Он быстро подошел к Оливейре.

В момент, когда упомянули в первый раз имя молодой графини Штурм, португалец незаметно отошел к окну. Взгляд его блуждал по окрестности; он ни разу не повернул голову к присутствующим — видимо, скучал. Его светлость очень хорошо видел всю неуместность разговора, предмет которого был совершенно неинтересен новому гостю.

— Вас тянет в ваш прохладный зеленый лес, не так ли, милейший фон Оливейра? — спросил он милостиво. — Да и мне хотелось бы освежиться… Милая Зонтгейм, — обратился он к фрейлине, — идите возьмите вашу шляпку, мы пройдем к озеру.

Дамы немедленно оставили комнату, и мужчины пошли искать свои шляпы.

Глава 19

— Что за человек! — говорила фрейлина, идя по коридору. — Всем нашим господам ничего не остается, как спрятаться!

— Он внушает мне ужас. — Бледная, нежная блондинка остановилась и сложила на груди свои худенькие ручки. — Ни разу не улыбнуться… Клеманс, все вы ослепли! Этот не из наших, он принесет нам несчастье, я чувствую!

— Благородная Кассандра, это и нам известно, бедным слепым смертным! — с насмешкой проговорила фрейлина. — Конечно, немалую беду он нам готовит, делая народ слишком умным; но подождем, дадим ему время освоиться в нашем кругу. Это правда, он угрюм, разговор его слишком суров по сравнению с элегантным тоном нашего светлейшего… Но, милочка Люси, заставить улыбнуться этот рот, пробить эту гордую броню, вышвырнуть за окно все эти пресловутые намерения — и все это единственно с помощью любви, вот было бы блаженство!

— Попробуй только побожиться! — возразила блондинка, исчезая за дверью своей комнаты; фрейлина, зарумянившись, отправилась далее по коридору.

Баронесса Флери, незамеченная, шла за ними по мягкому ковру.

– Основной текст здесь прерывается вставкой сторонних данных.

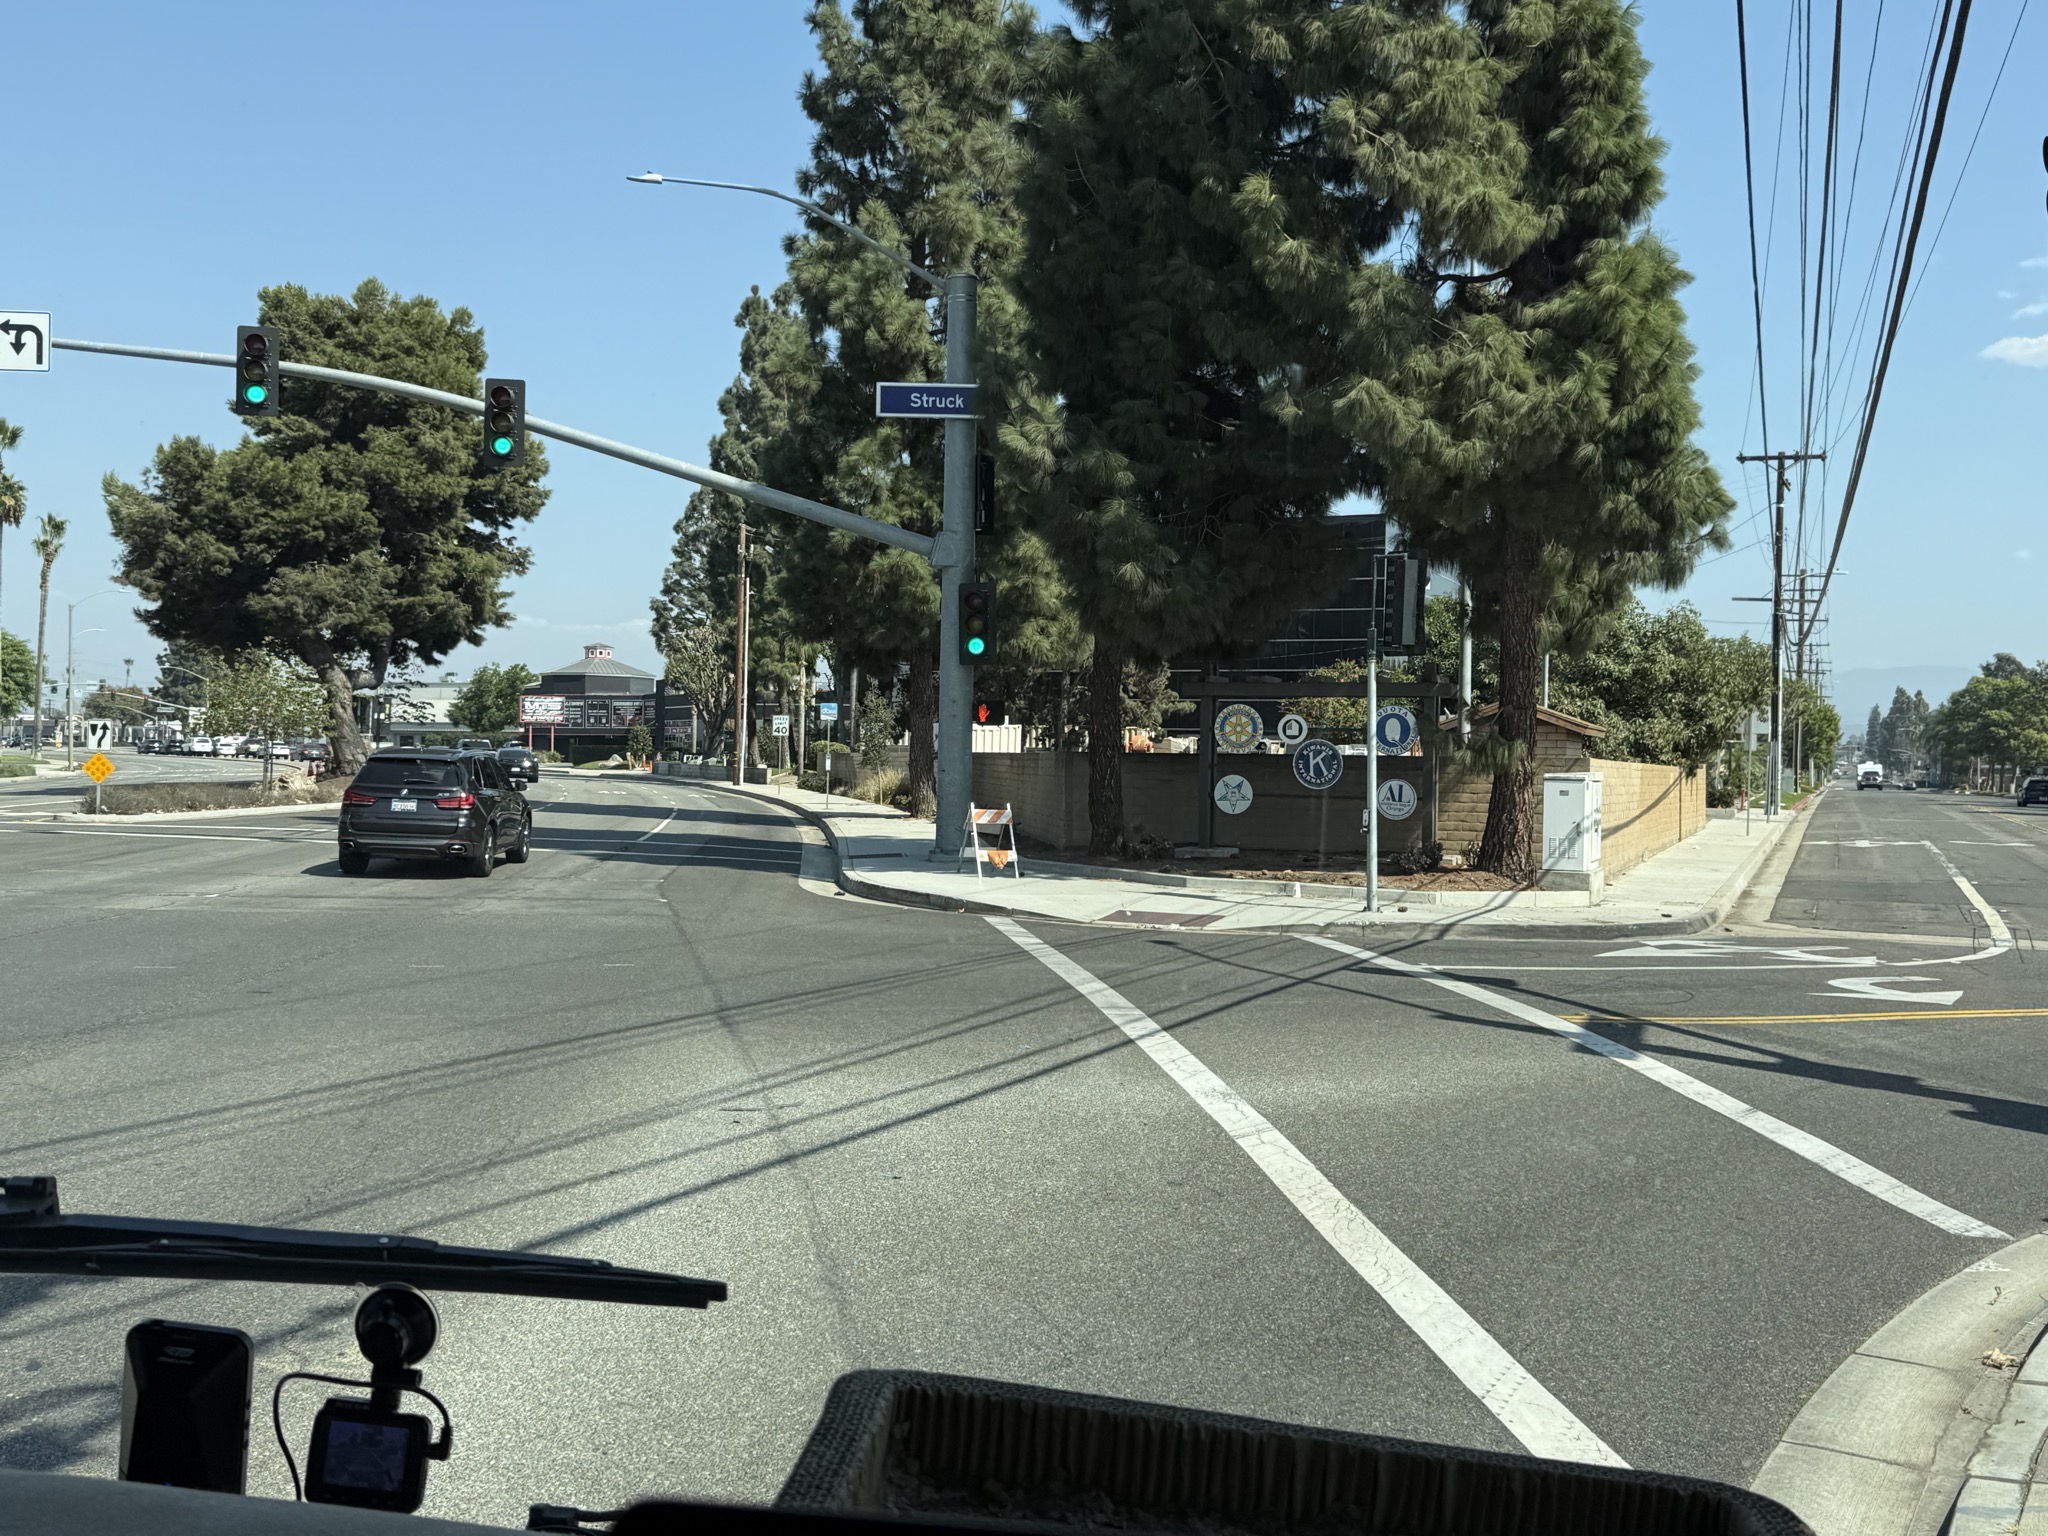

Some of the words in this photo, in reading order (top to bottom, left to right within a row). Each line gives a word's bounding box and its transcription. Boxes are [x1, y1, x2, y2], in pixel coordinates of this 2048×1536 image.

[910, 393, 964, 408] Struck
[1376, 706, 1408, 717] QUOTA
[774, 726, 788, 734] 40
[1376, 713, 1411, 751] Q
[1302, 744, 1334, 756] KIWANIS
[1298, 760, 1338, 784] INTERNATIONAL
[1308, 750, 1329, 779] K
[1381, 784, 1411, 803] AL
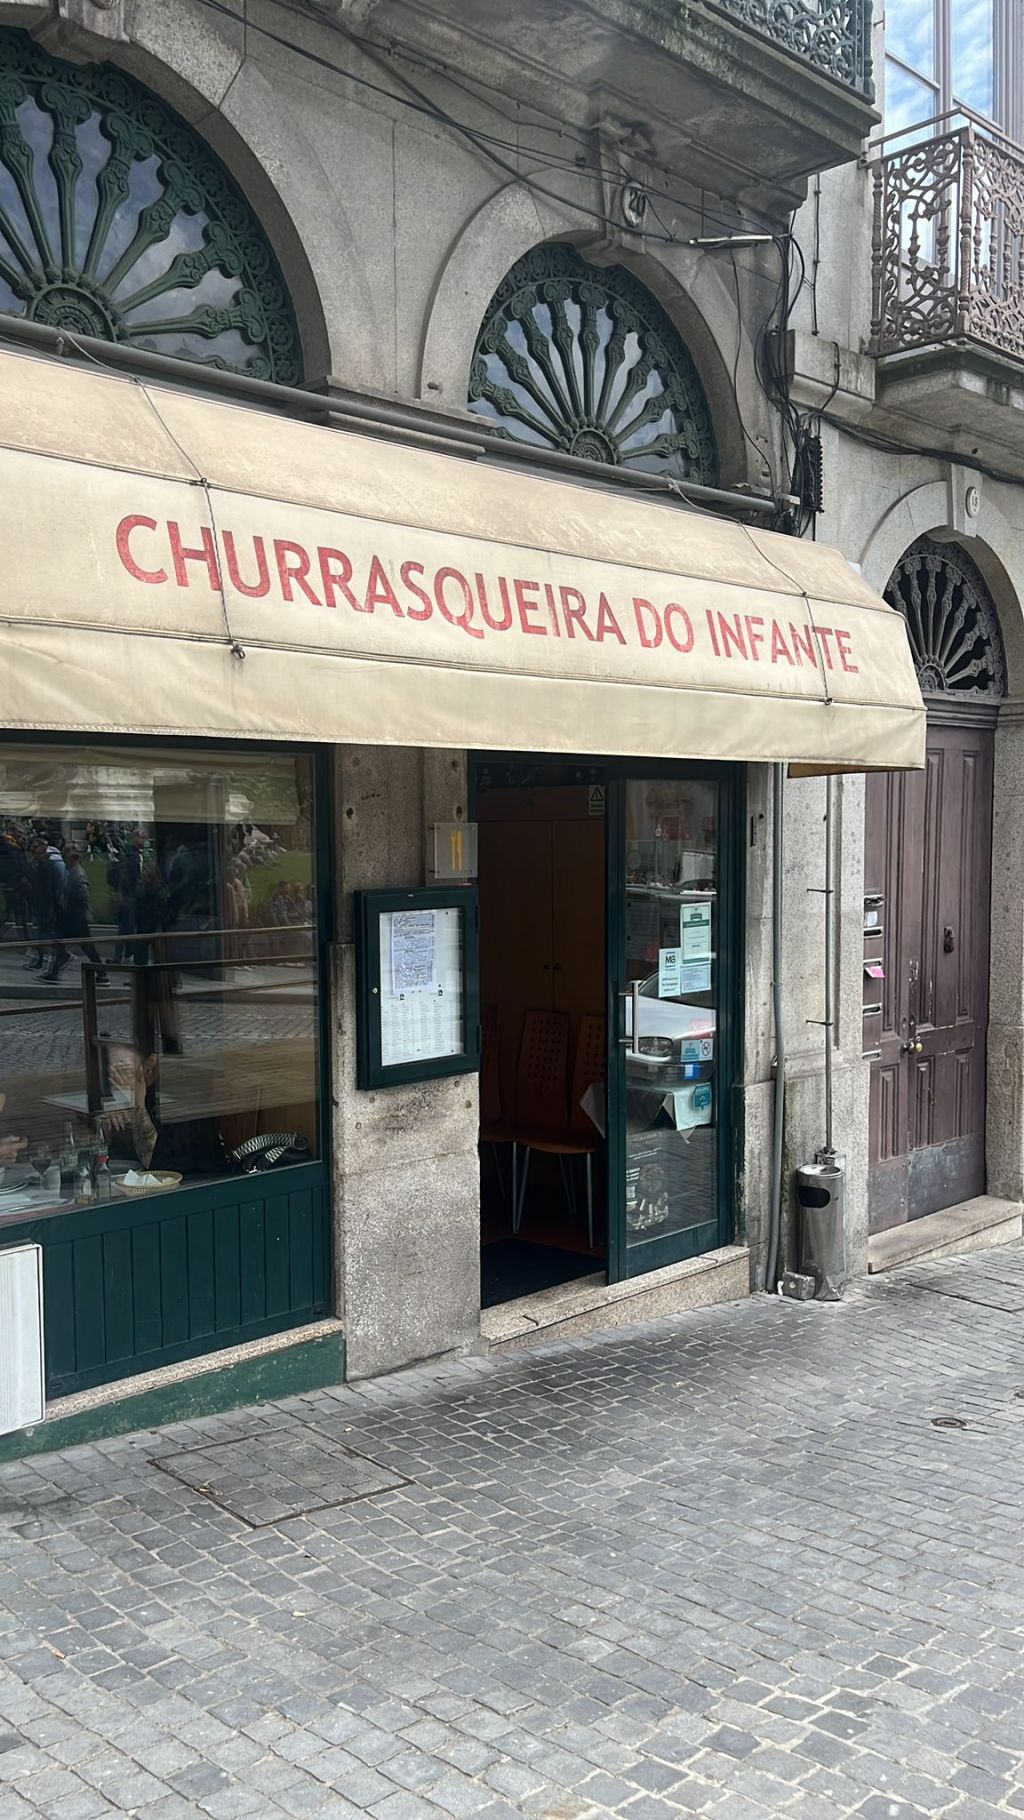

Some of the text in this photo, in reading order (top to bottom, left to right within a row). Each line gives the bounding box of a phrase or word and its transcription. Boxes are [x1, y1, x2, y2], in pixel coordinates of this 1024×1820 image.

[629, 189, 646, 217] 20
[116, 514, 859, 674] CHURRASQUEIRA DO INFANTE

Она окинула молодую девушку долгим, насмешливо-сострадательным взглядом.

Прекрасная баронесса быстро оделась для прогулки и вместе с кавалерами направилась в переднюю. Двери музыкального салона были открыты. Дама вошла туда с сердито нахмуренным лбом — сегодня она внезапно была оторвана от своих обычных утренних занятий музыкой и забыла закрыть флигель.

— О нет, моя милейшая, — возразил князь, когда она взялась за крышку рояля, — минута слишком удобна для меня, флигель открыт и ноты на пюпитре, прошу вас, только одну пьесу, вам известна моя слабость к Листу и Шопену.

Баронесса улыбнулась, сдернула перчатки, бросила на стул шляпу и села за рояль. Она отложила в сторону ноты и заиграла прелюдию Шопена.

Ослепительно красива была в эти минуты женщина! Гибкие руки ее быстро летали по клавишам, голова была откинута назад, глаза завораживающе блестели.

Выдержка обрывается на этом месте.